Although the records include pictures, print only the rest, exactly as written.

--- Provided information Enclosed Below ---

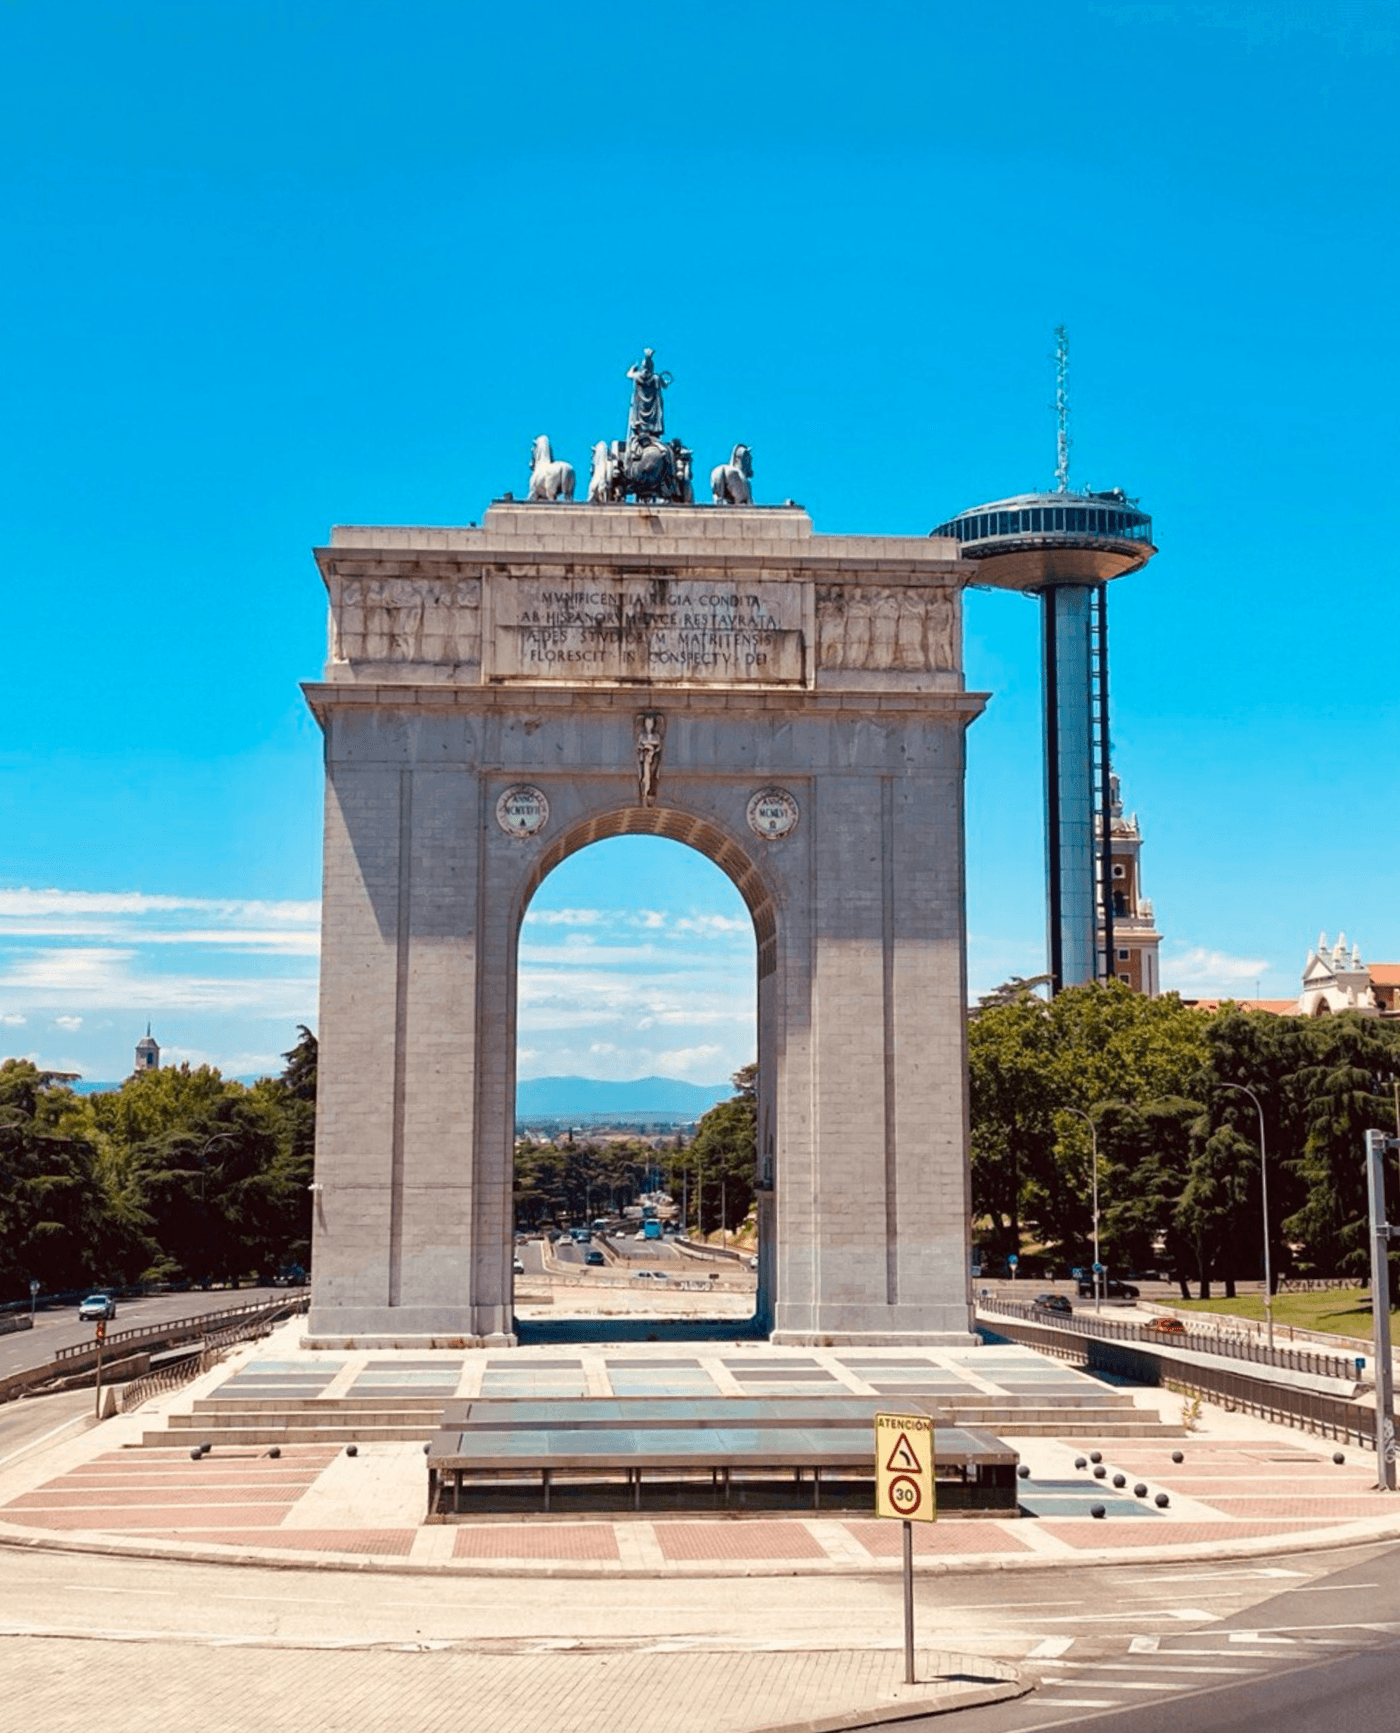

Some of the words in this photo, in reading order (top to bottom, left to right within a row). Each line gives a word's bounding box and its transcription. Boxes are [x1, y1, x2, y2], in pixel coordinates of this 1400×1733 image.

[542, 592, 645, 606] MVNIFICENTIA
[699, 594, 759, 607] CONDITA
[521, 611, 540, 622] AB
[684, 613, 777, 628] RESTAVRATA
[677, 633, 772, 646] MATRITENSIS
[530, 650, 606, 662] FLORESCIT
[623, 651, 635, 662] IN
[649, 651, 731, 665] CONSPECTV
[745, 653, 767, 665] DEI
[896, 1488, 913, 1502] 30
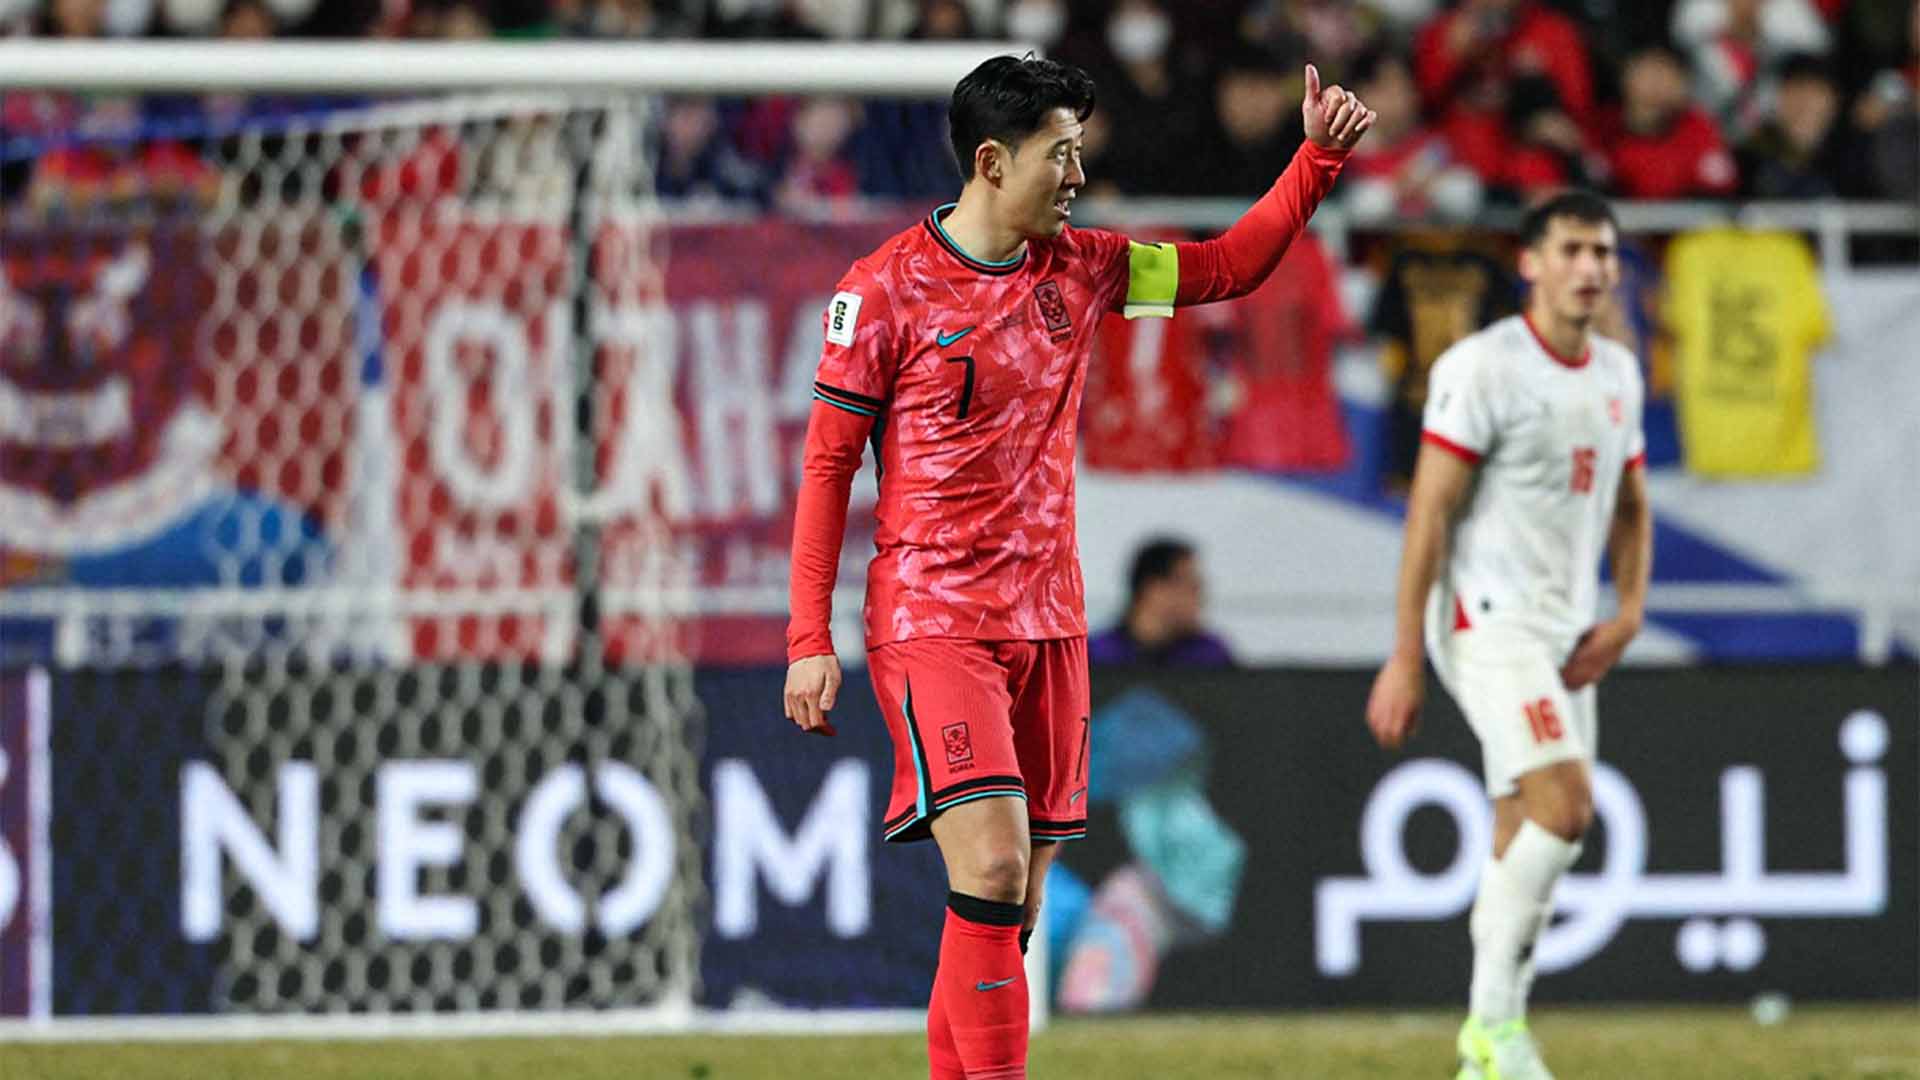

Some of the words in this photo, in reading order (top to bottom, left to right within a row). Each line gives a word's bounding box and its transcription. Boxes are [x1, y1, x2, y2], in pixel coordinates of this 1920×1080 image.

[946, 356, 976, 420] 7
[1571, 447, 1596, 494] 16
[1523, 698, 1563, 743] 16
[180, 758, 872, 942] NEOM
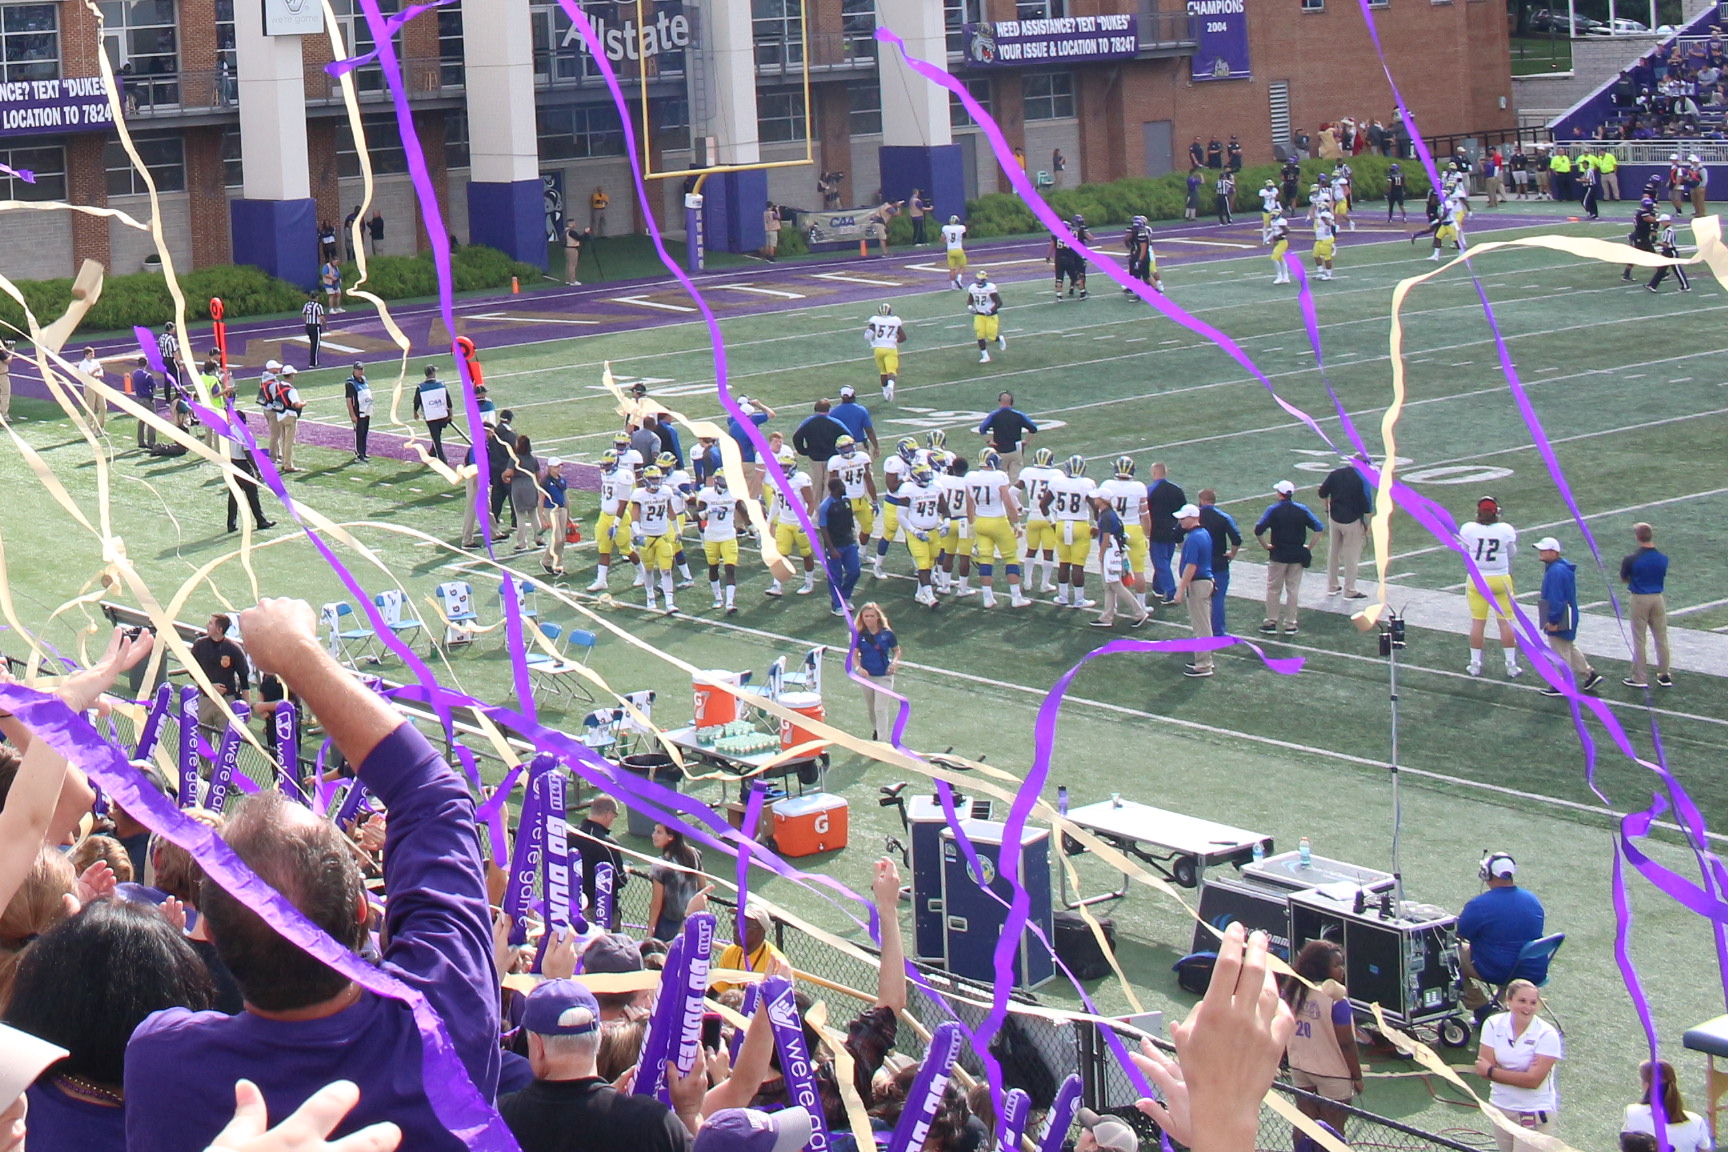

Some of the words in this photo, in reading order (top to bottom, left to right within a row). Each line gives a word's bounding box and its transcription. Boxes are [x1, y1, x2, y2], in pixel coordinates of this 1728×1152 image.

[561, 10, 690, 61] Allstate
[996, 21, 1020, 38] NEED
[1021, 17, 1076, 36] ASSISTANCE?
[1077, 16, 1096, 32] TEXT
[1206, 22, 1228, 32] 2004
[998, 43, 1022, 60] YOUR
[1023, 41, 1048, 59] ISSUE
[1049, 41, 1057, 56] &
[1058, 37, 1098, 56] LOCATION
[1098, 37, 1109, 54] TO
[1110, 36, 1135, 53] 78247
[31, 80, 60, 100] TEXT
[3, 106, 62, 130] LOCATION
[63, 105, 80, 125] TO
[82, 102, 113, 124] 7824
[829, 216, 855, 227] CAA
[306, 304, 313, 314] S
[876, 325, 896, 339] 57
[845, 467, 865, 486] 45
[972, 485, 991, 506] 71
[1056, 491, 1082, 514] 58
[645, 504, 666, 522] 24
[916, 500, 936, 517] 43
[1474, 537, 1501, 563] 12
[693, 692, 704, 707] G
[188, 725, 198, 764] we're
[220, 740, 240, 782] we're
[548, 773, 563, 811] JMU
[814, 815, 829, 834] G
[546, 814, 568, 858] GO
[698, 919, 712, 955] JMU
[688, 957, 710, 990] GO
[1295, 1019, 1312, 1039] 20
[785, 1036, 815, 1107] we're
[922, 1072, 949, 1115] GO

--- End of Enclosed Provided information ---

◆ Answer area ◆
Some of the words in this photo, in reading order (top to bottom, left to right within a row). Each line gives a word's bounding box and its transcription. Boxes are [x1, y1, x2, y2], in pixel coordinates of this 1400×1733 image.

[542, 592, 645, 606] MVNIFICENTIA
[699, 594, 759, 607] CONDITA
[521, 611, 540, 622] AB
[684, 613, 777, 628] RESTAVRATA
[677, 633, 772, 646] MATRITENSIS
[530, 650, 606, 662] FLORESCIT
[623, 651, 635, 662] IN
[649, 651, 731, 665] CONSPECTV
[745, 653, 767, 665] DEI
[896, 1488, 913, 1502] 30

Some of the words in this photo, in reading order (top to bottom, left to right within a row). Each line gives a word's bounding box and its transcription. Boxes are [x1, y1, x2, y2], in pixel coordinates of this 1920×1080 image.

[946, 356, 976, 420] 7
[1571, 447, 1596, 494] 16
[1523, 698, 1563, 743] 16
[180, 758, 872, 942] NEOM

Some of the words in this photo, in reading order (top to bottom, left to right within a row). Each line gives a word's bounding box and its transcription. Boxes are [x1, y1, x2, y2], in pixel coordinates of this 1728×1152 image.

[561, 10, 690, 61] Allstate
[996, 21, 1020, 38] NEED
[1021, 17, 1076, 36] ASSISTANCE?
[1077, 16, 1096, 32] TEXT
[1206, 22, 1228, 32] 2004
[998, 43, 1022, 60] YOUR
[1023, 41, 1048, 59] ISSUE
[1049, 41, 1057, 56] &
[1058, 37, 1098, 56] LOCATION
[1098, 37, 1109, 54] TO
[1110, 36, 1135, 53] 78247
[31, 80, 60, 100] TEXT
[3, 106, 62, 130] LOCATION
[63, 105, 80, 125] TO
[82, 102, 113, 124] 7824
[829, 216, 855, 227] CAA
[306, 304, 313, 314] S
[876, 325, 896, 339] 57
[845, 467, 865, 486] 45
[972, 485, 991, 506] 71
[1056, 491, 1082, 514] 58
[645, 504, 666, 522] 24
[916, 500, 936, 517] 43
[1474, 537, 1501, 563] 12
[693, 692, 704, 707] G
[188, 725, 198, 764] we're
[220, 740, 240, 782] we're
[548, 773, 563, 811] JMU
[814, 815, 829, 834] G
[546, 814, 568, 858] GO
[698, 919, 712, 955] JMU
[688, 957, 710, 990] GO
[1295, 1019, 1312, 1039] 20
[785, 1036, 815, 1107] we're
[922, 1072, 949, 1115] GO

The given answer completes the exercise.